Ho escluso dalla lista l’ultima grande acquisizione, quella di Heinz, perché la struttura della transazione è diversa e Buffett ha sottolineato come non avrebbe proceduto senza il coinvolgimento di 3G.

Questa lista non è ovviamente completa, ma rende bene l’idea di come Buffett pensi in termini di valutazioni, sia che si tratti di comprare un’intera azienda o soltanto una parte di questa sul mercato. Quello che emerge è come tutti gli investimenti siano stati fatti attorno ad un multiplo di 10x gli utili pre-tasse (spesso anche inferiore), nonostante queste aziende operino in business molto diversi tra loro, con differenti rendimenti, margini, necessità di investimenti, etc… Anche l’acquisizione di BNI, per la quale molti pensavano che BH avesse sovrapagato, è in realtà assolutamente nella media.

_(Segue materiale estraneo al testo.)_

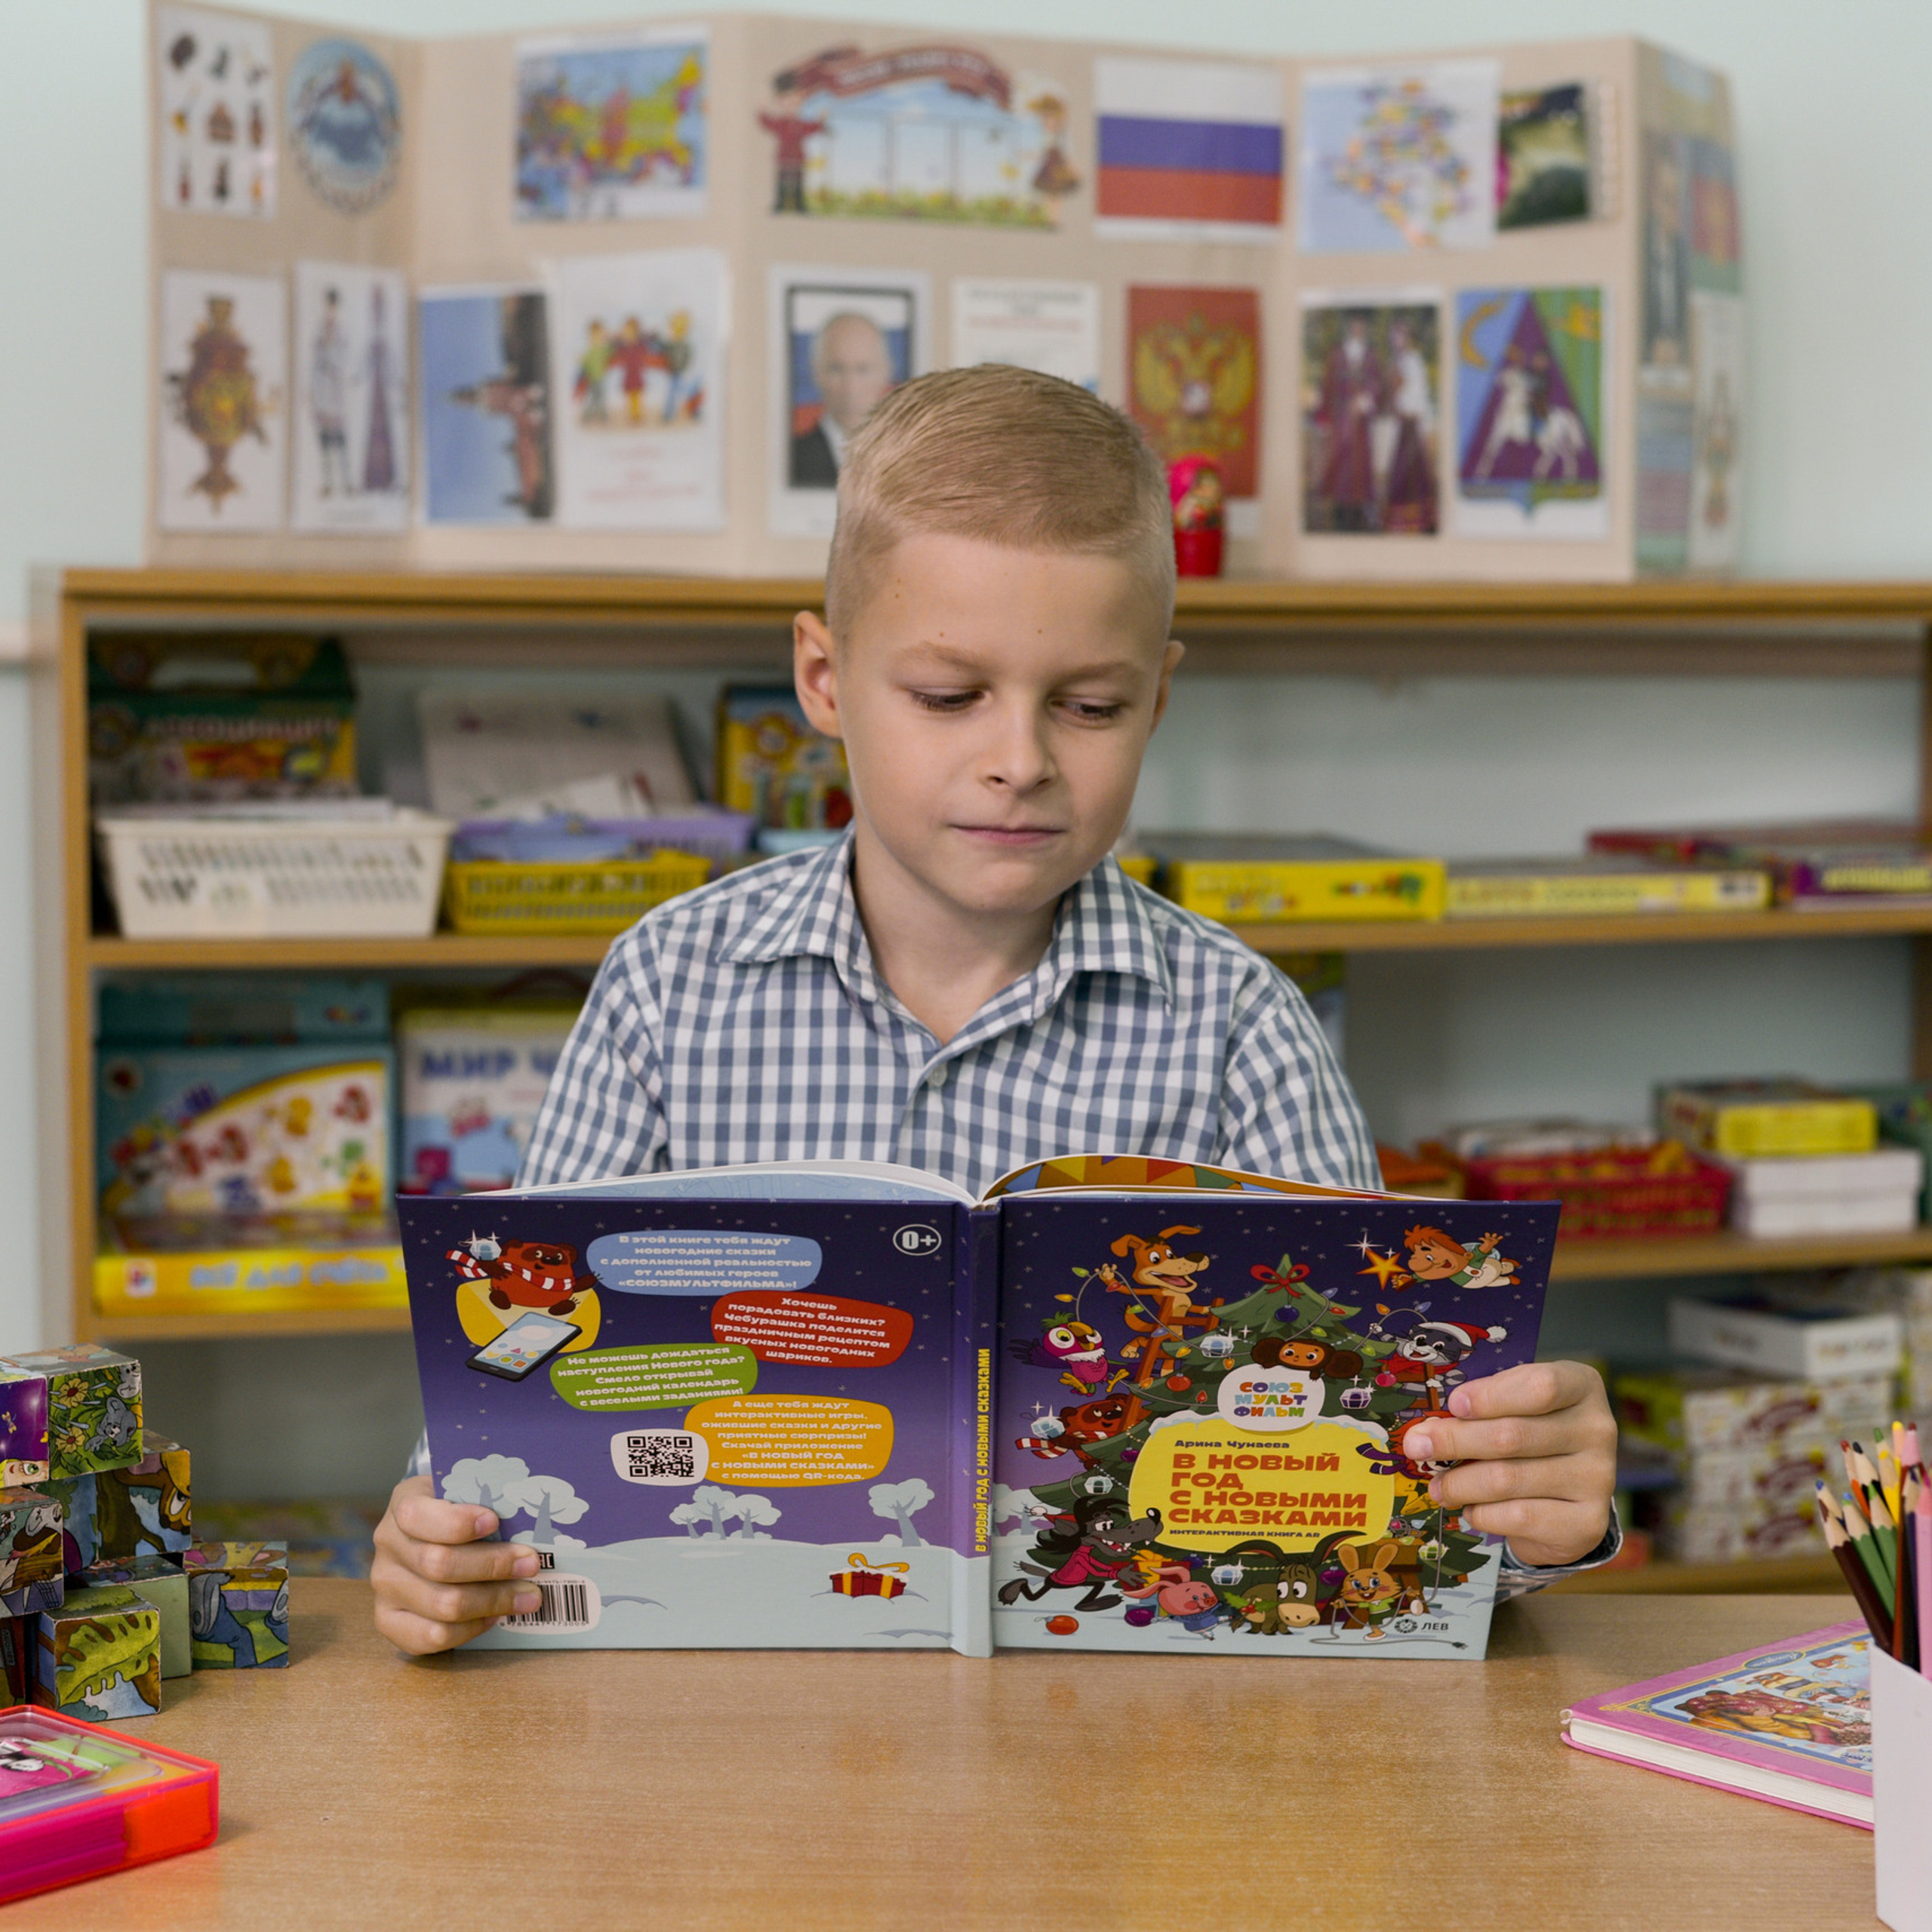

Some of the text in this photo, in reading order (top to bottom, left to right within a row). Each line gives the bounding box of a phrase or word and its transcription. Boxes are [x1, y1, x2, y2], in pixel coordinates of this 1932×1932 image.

[632, 1235, 666, 1244] этой
[669, 1236, 711, 1244] книге
[714, 1235, 748, 1244] тебя
[751, 1237, 791, 1245] ждут
[902, 1231, 937, 1250] 0+
[611, 1258, 711, 1266] дополненной
[714, 1259, 812, 1267] реальностью
[655, 1269, 724, 1277] любимых
[728, 1270, 779, 1278] героев
[782, 1297, 837, 1310] Хочешь
[728, 1303, 885, 1326] порадовать близких?
[724, 1312, 885, 1337] Чебурашка поделится
[714, 1324, 891, 1349] праздничным рецептом
[724, 1335, 875, 1357] вкусных новогодних
[568, 1347, 730, 1365] Не можешь дождаться
[766, 1350, 832, 1364] шариков.
[558, 1355, 745, 1377] наступления Нового года?
[595, 1368, 713, 1384] Смело открывай
[576, 1377, 739, 1396] новогодний календарь
[1239, 1382, 1303, 1393] СОЮЗ
[590, 1394, 660, 1406] веселыми
[663, 1388, 743, 1401] заданиями!
[812, 1401, 849, 1410] ждут
[1235, 1395, 1307, 1405] МУЛЬТ
[1233, 1406, 1305, 1417] ФИЛЬМ
[832, 1423, 881, 1431] другие
[977, 1414, 989, 1466] НОВЫМИ
[1175, 1440, 1290, 1449] Арина Чунаева
[761, 1451, 813, 1460] НОВЫЙ
[1173, 1452, 1340, 1472] В НОВЫЙ
[977, 1468, 989, 1476] С
[976, 1477, 990, 1501] ГОД
[1171, 1472, 1243, 1490] ГОД
[1170, 1490, 1367, 1509] С НОВЫМИ
[974, 1503, 989, 1542] НОВЫЙ
[1168, 1508, 1367, 1527] СКАЗКАМИ
[975, 1544, 987, 1552] В
[1421, 1622, 1449, 1630] ЛЕВ
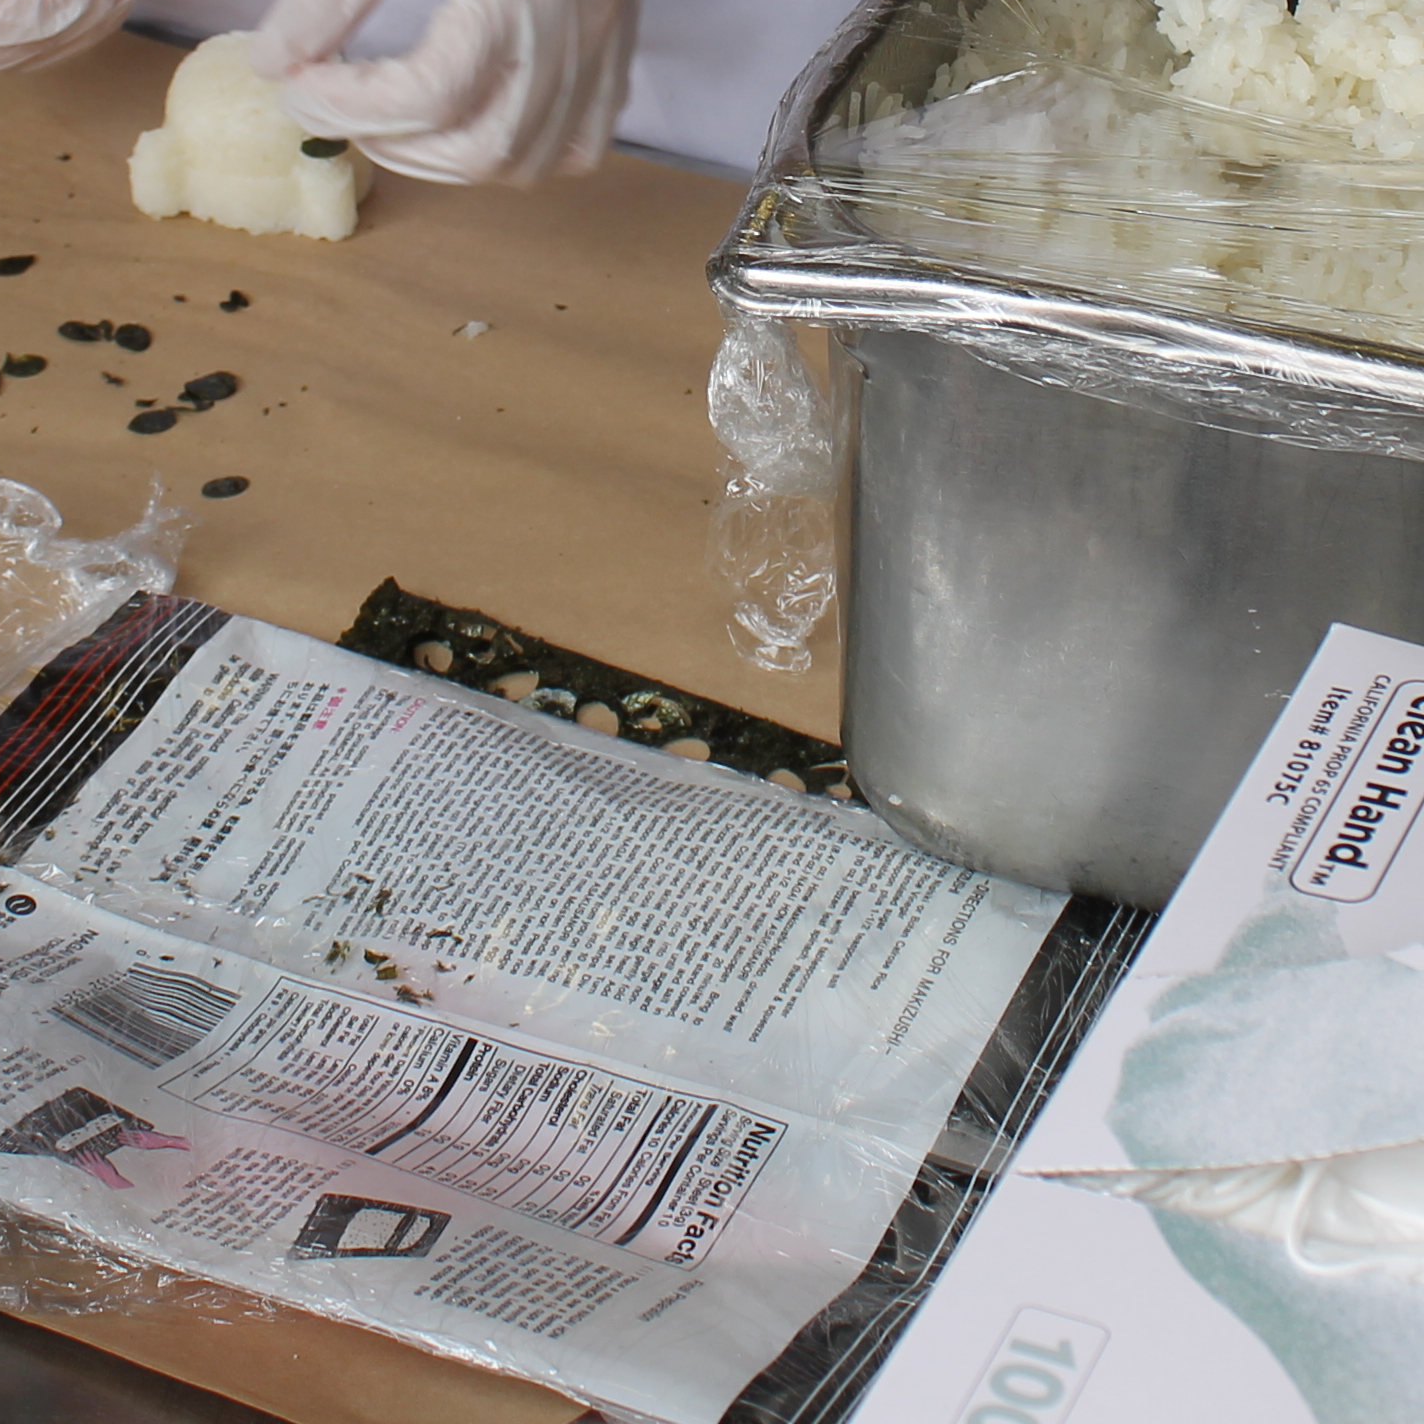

“To invest successfully, you need not understand beta, efficient markets, modern portfolio theory, option pricing or emerging markets. You may, in fact, be better off knowing nothing of these. That, of course, is not the prevailing view at most business schools, whose finance curriculum tends to be dominated by such subjects. In our view, though, investment students need only two well-taught courses - How to Value a Business, and How to Think About Market Prices” (Lettera agli azionisti, 1996)
Naturalmente, non si può pensare di valutare e prezzare qualsiasi cosa a 10x gli utili pre-tasse: bisogna anche (e soprattutto) capire le dinamiche del business sottostante e come questo potrà evolvere. I criteri di selezione di Warran Buffett sono più che noti:
a)  un business che comprende
b)  prospettive di lungo termine favorevoli
c)  gestito da un management competente ed onesto
d)  acquistabile ad un prezzo ragionevole

Se si sostituisce il punto d) con “prezzo inferiore a 10x utili pre-tasse”, questa metrica diviene una sorta di benchmark da utilizzare nelle decisioni di investimento: non significa necessariamente che nel corso del tempo otterremo un rendimento del 10%, ma è piuttosto una sorta di limite massimo da considerare in termini di valutazione.

12 commenti:

  1. ciao Matteo,
    quindi, a differenza di quanto indicato nel post precedente, nel caso della metodologia di Buffet il tasso di sconto non viene considerato?
    Michele C.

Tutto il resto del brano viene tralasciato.